Exercise description
Please reproduce the listing below exactly, leaving out every picture.

Source records
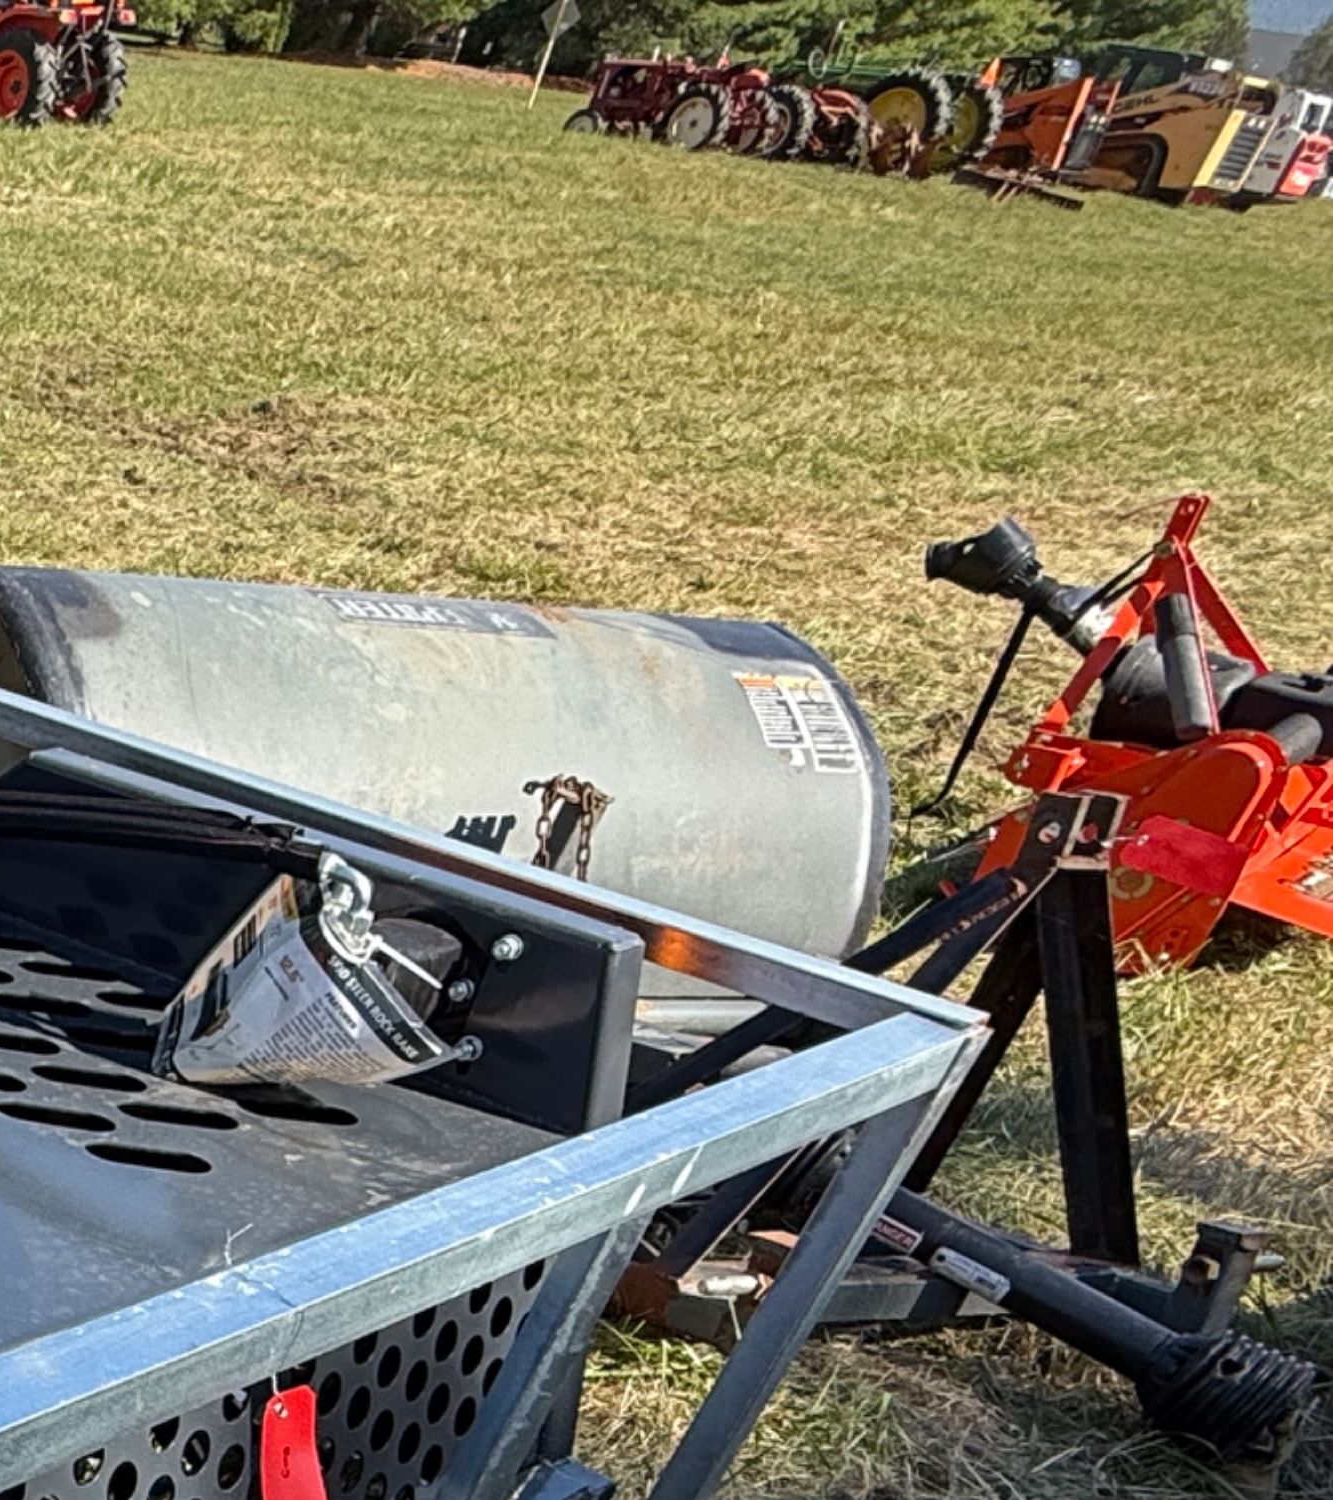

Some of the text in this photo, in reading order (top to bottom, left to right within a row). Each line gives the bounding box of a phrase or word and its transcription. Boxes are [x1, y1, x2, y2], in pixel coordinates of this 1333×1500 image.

[344, 977, 376, 1010] STEER
[369, 1005, 396, 1037] ROCK
[390, 1031, 420, 1060] RAKE
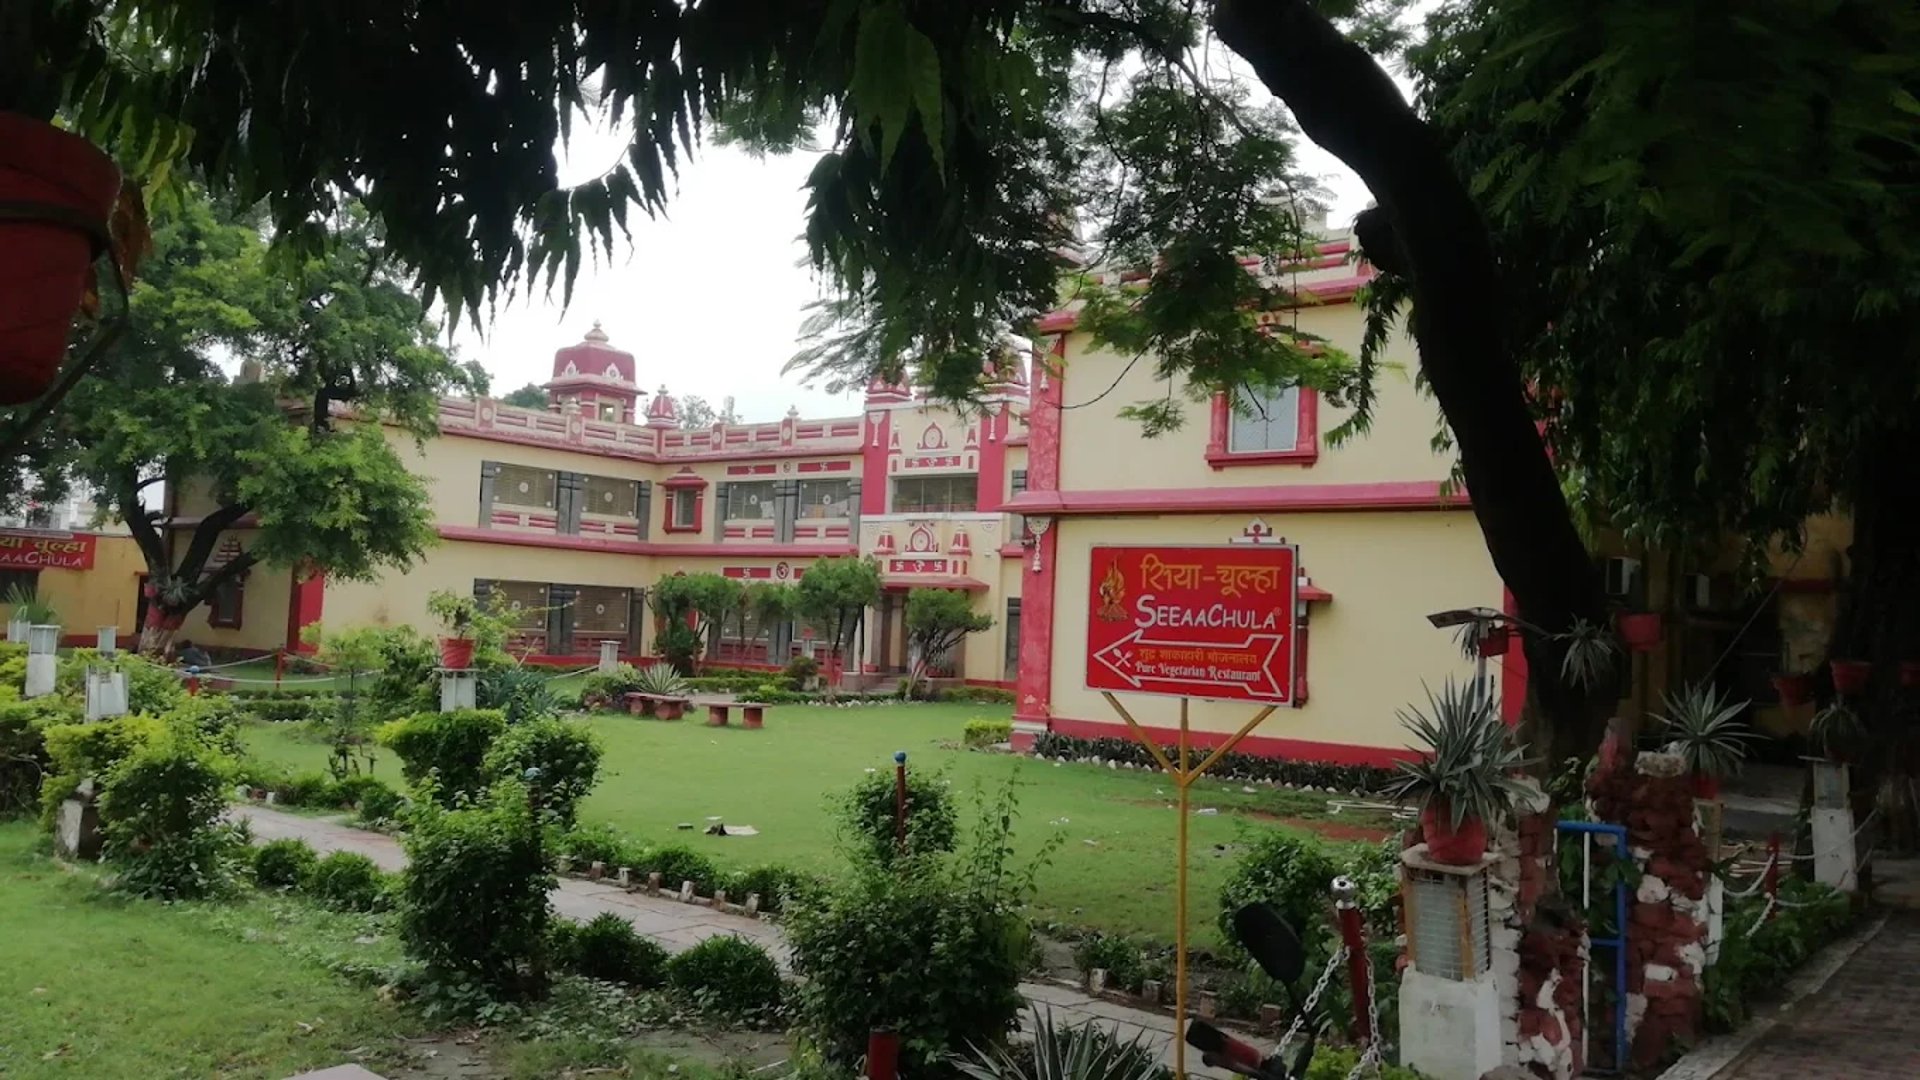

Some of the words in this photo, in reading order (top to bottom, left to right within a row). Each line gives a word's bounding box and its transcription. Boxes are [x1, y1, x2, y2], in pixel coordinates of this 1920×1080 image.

[1159, 648, 1204, 661] शाकाहारी
[1207, 651, 1257, 665] भोजनालय
[1134, 660, 1156, 674] Pure
[1157, 662, 1206, 679] Vegetarian
[1207, 665, 1261, 682] Restaurant
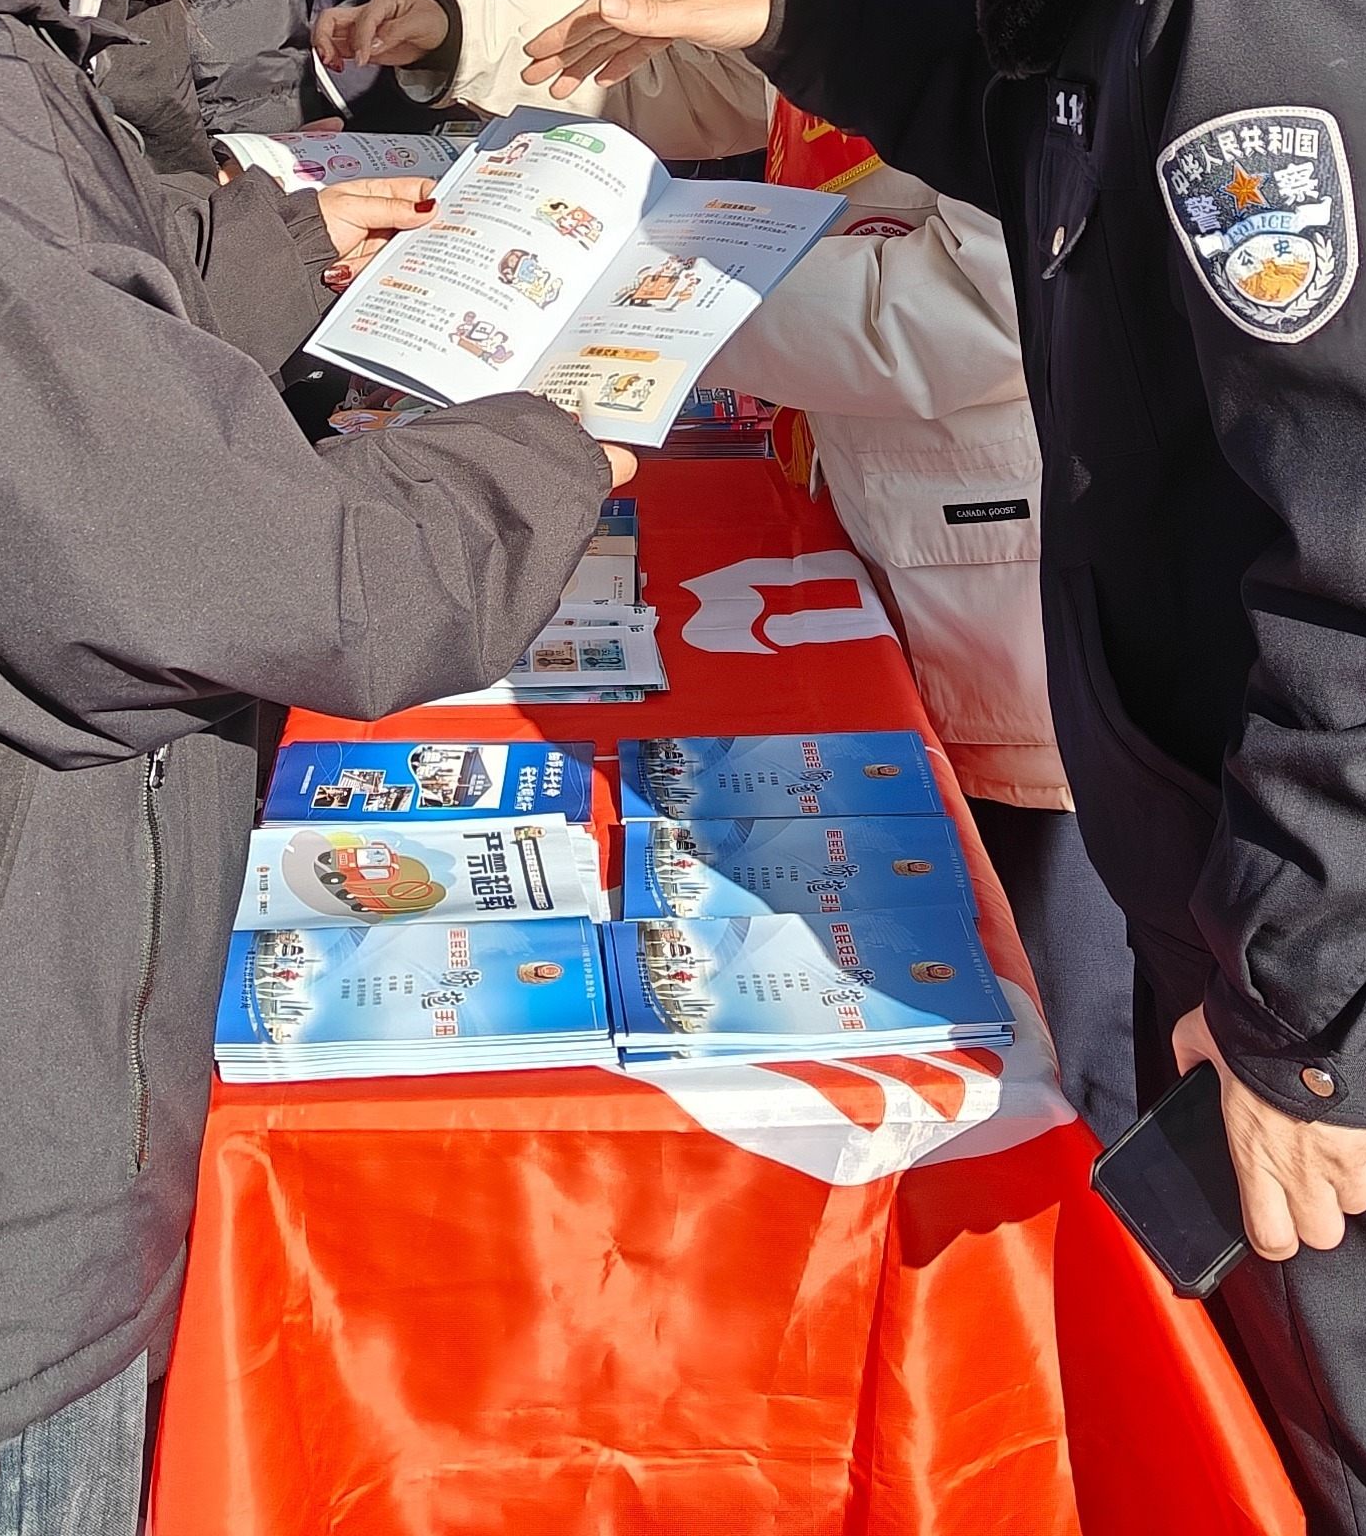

Output for this exercise
Some of the text in this photo, in reading order (top to bottom, left to right within a row). Each line gives the bounding box of a phrase or word and its transcription. Boxes are [x1, y1, x2, y2], in pixel coordinates of this 1333×1500 image.

[344, 977, 376, 1010] STEER
[369, 1005, 396, 1037] ROCK
[390, 1031, 420, 1060] RAKE

Some of the words in this photo, in reading order (top to bottom, left to right within a row). Each line gives a word's bounding box and its transcription. Boxes are [x1, y1, x2, y2], in pixel coordinates of this 1920×1080 image.

[1159, 648, 1204, 661] शाकाहारी
[1207, 651, 1257, 665] भोजनालय
[1134, 660, 1156, 674] Pure
[1157, 662, 1206, 679] Vegetarian
[1207, 665, 1261, 682] Restaurant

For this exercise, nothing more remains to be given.